The results from the model with dataset augmentation have shown significant improvement over previous models, achieving a training accuracy of 0.94 at 20 epochs and a validation accuracy of 0.84. However, there are indications of overfitting, as seen by the large fluctuations in the validation loss. To address this issue, we can implement a learning rate scheduler to reduce the learning rate when an accuracy of 0.8 is reached, which may lead to further improvements.

Key takeaways and suggestions:

1. **Overfitting**: The model is still overfitting the data, as indicated by the fluctuations in the validation loss. To mitigate overfitting, consider adding more layers, neurons, or introducing dropout layers. This can help the model generalize better.
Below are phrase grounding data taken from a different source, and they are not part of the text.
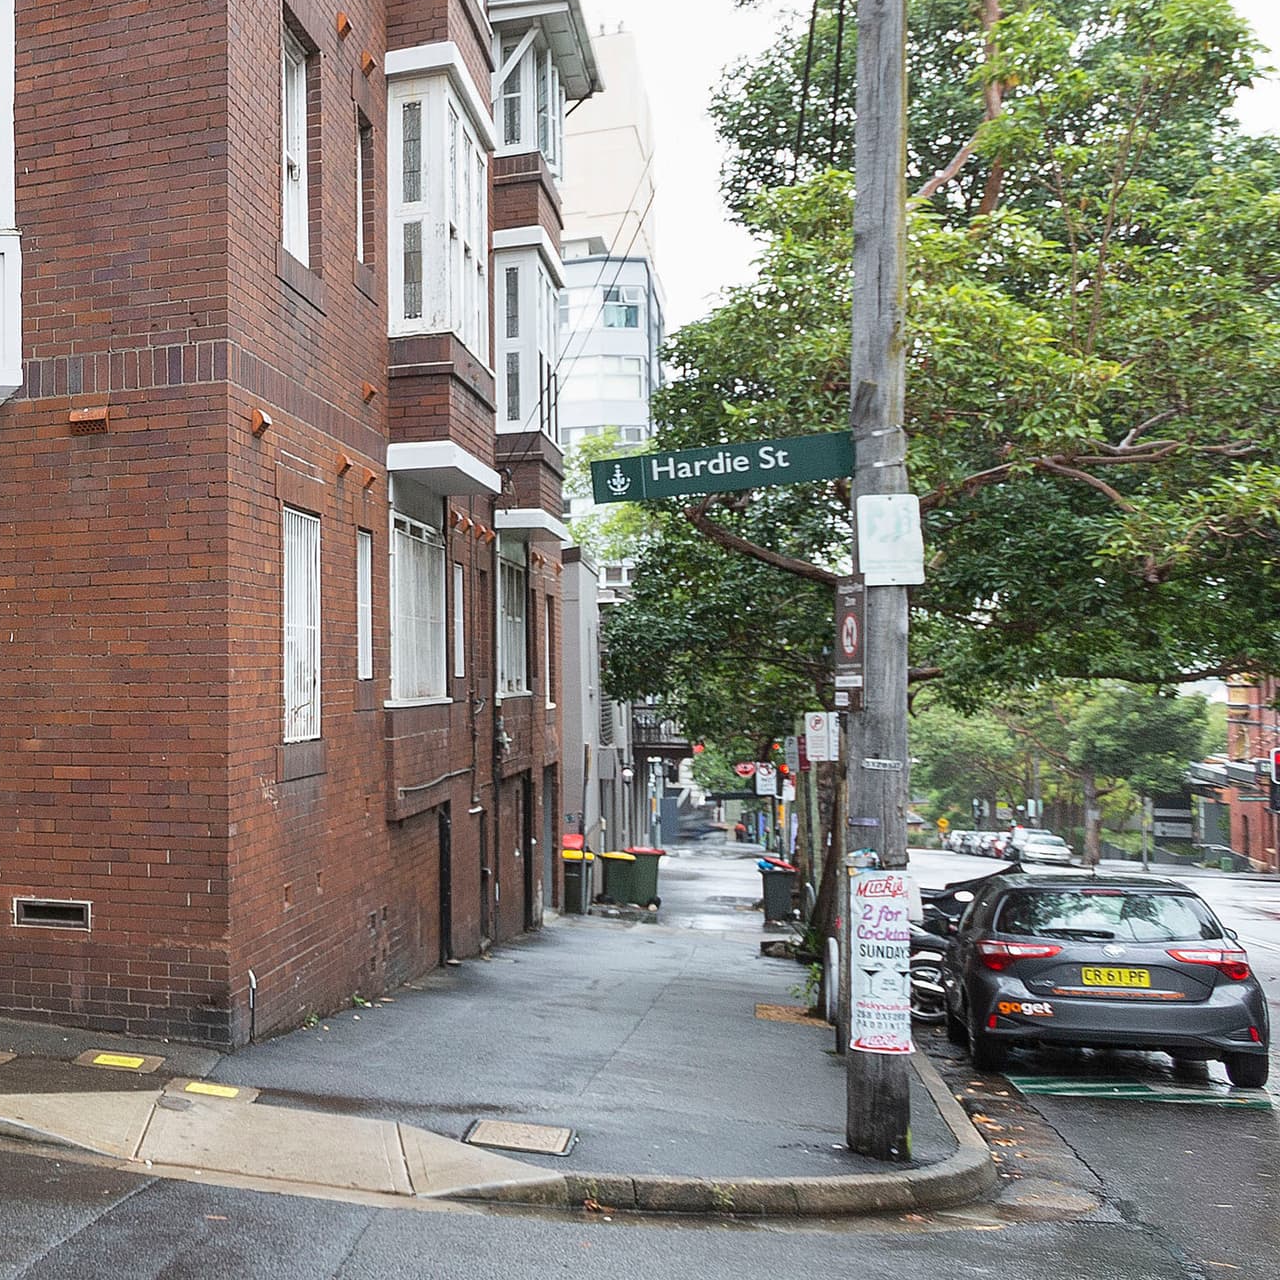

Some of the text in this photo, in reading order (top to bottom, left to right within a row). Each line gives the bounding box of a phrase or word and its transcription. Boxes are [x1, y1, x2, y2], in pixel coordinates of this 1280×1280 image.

[651, 446, 790, 481] Hardie St
[862, 904, 874, 920] 2
[872, 905, 902, 928] for
[997, 1001, 1054, 1016] goget
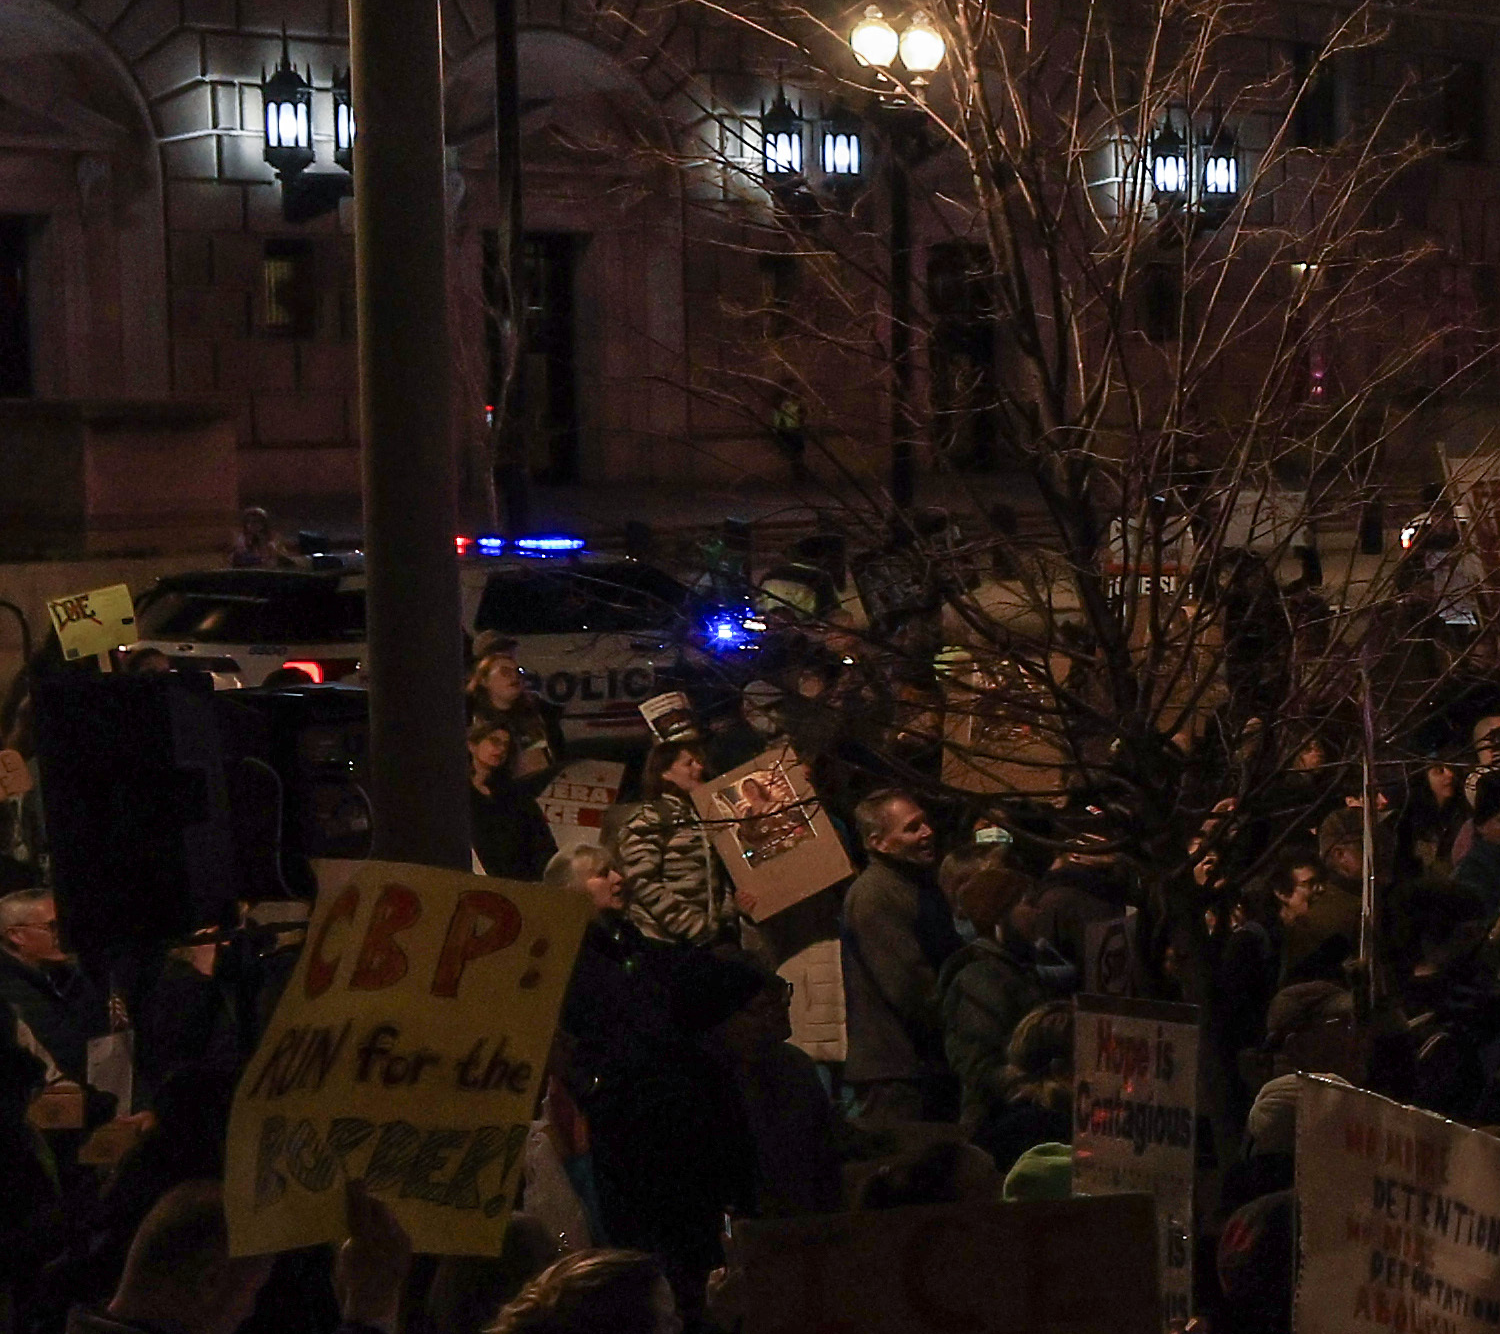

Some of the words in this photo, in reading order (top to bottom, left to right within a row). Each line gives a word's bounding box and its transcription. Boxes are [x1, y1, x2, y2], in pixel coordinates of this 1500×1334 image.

[304, 882, 550, 1000] CBP:
[248, 1017, 355, 1101] RUN
[356, 1020, 441, 1088] for
[455, 1031, 534, 1094] the
[1096, 1019, 1150, 1080] Hope
[1156, 1023, 1175, 1081] is
[1076, 1078, 1192, 1157] Contagious
[252, 1114, 531, 1219] BORDER!
2. **Hyperparameter Tuning**: The model's performance can be further improved through hyperparameter tuning. Experiment with different learning rates, batch sizes, and optimizer choices to find the best configuration for your dataset.

3. **Learning Rate Scheduler**: Implement a learning rate scheduler that reduces the learning rate when the accuracy reaches 0.8. This can help the model converge more steadily and potentially reach a better optimum.

By addressing these issues and fine-tuning the model, you can achieve even better results and a more robust model for skin cancer detection.